## What needs to be done
Quote the records beneath, complete and exact. Leave out images.

Images for object localization
+--

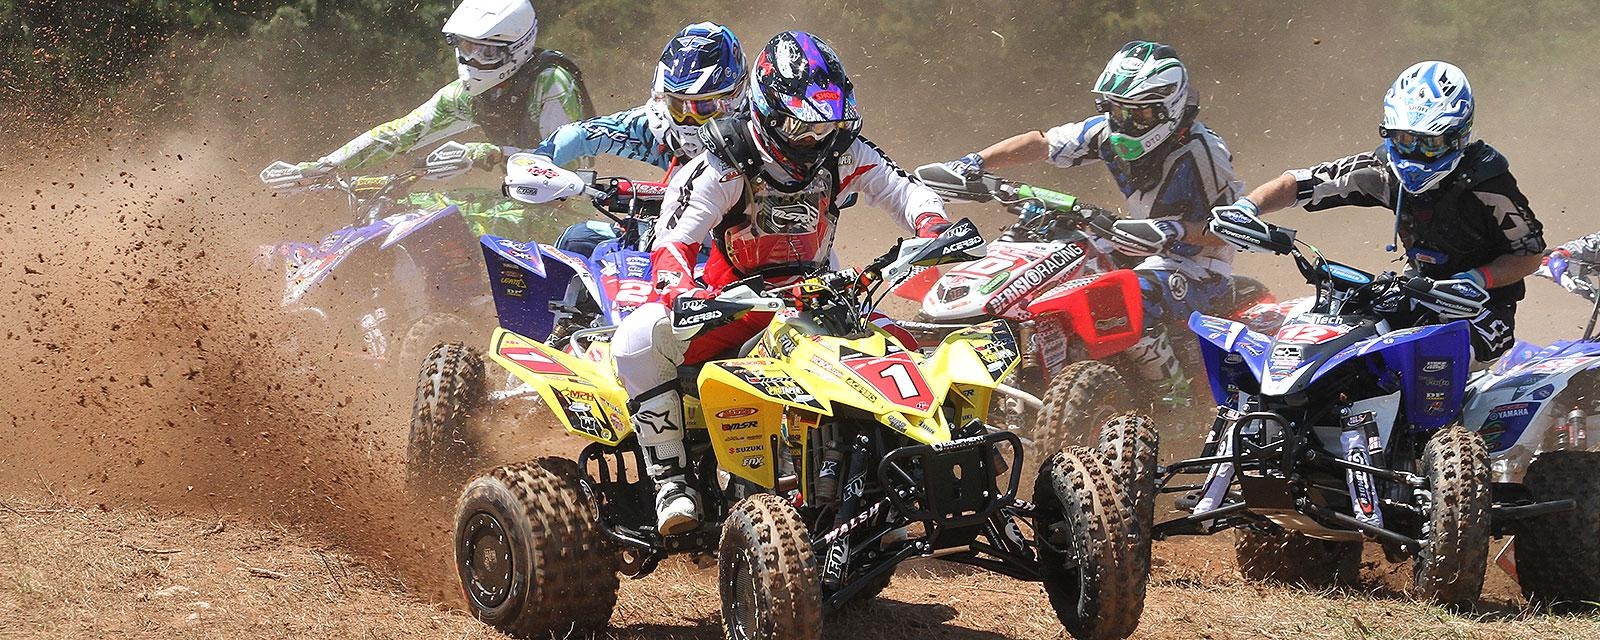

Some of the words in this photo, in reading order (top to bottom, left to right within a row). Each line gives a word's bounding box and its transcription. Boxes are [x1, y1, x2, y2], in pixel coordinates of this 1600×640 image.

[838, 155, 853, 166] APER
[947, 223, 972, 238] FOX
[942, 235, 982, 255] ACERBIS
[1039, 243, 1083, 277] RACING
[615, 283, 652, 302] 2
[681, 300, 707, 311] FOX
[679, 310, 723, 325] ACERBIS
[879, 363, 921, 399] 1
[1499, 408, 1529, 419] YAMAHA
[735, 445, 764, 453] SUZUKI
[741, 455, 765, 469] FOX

+--

## Expected output
Some of the words in this photo, in reading order (top to bottom, left to right within a row). Each line gives a word's bounding box and its transcription. Boxes are [x1, y1, x2, y2], in pixel coordinates of this 1600×640 image.

[838, 155, 853, 166] APER
[947, 223, 972, 238] FOX
[942, 235, 982, 255] ACERBIS
[1039, 243, 1083, 277] RACING
[615, 283, 652, 302] 2
[681, 300, 707, 311] FOX
[679, 310, 723, 325] ACERBIS
[879, 363, 921, 399] 1
[1499, 408, 1529, 419] YAMAHA
[735, 445, 764, 453] SUZUKI
[741, 455, 765, 469] FOX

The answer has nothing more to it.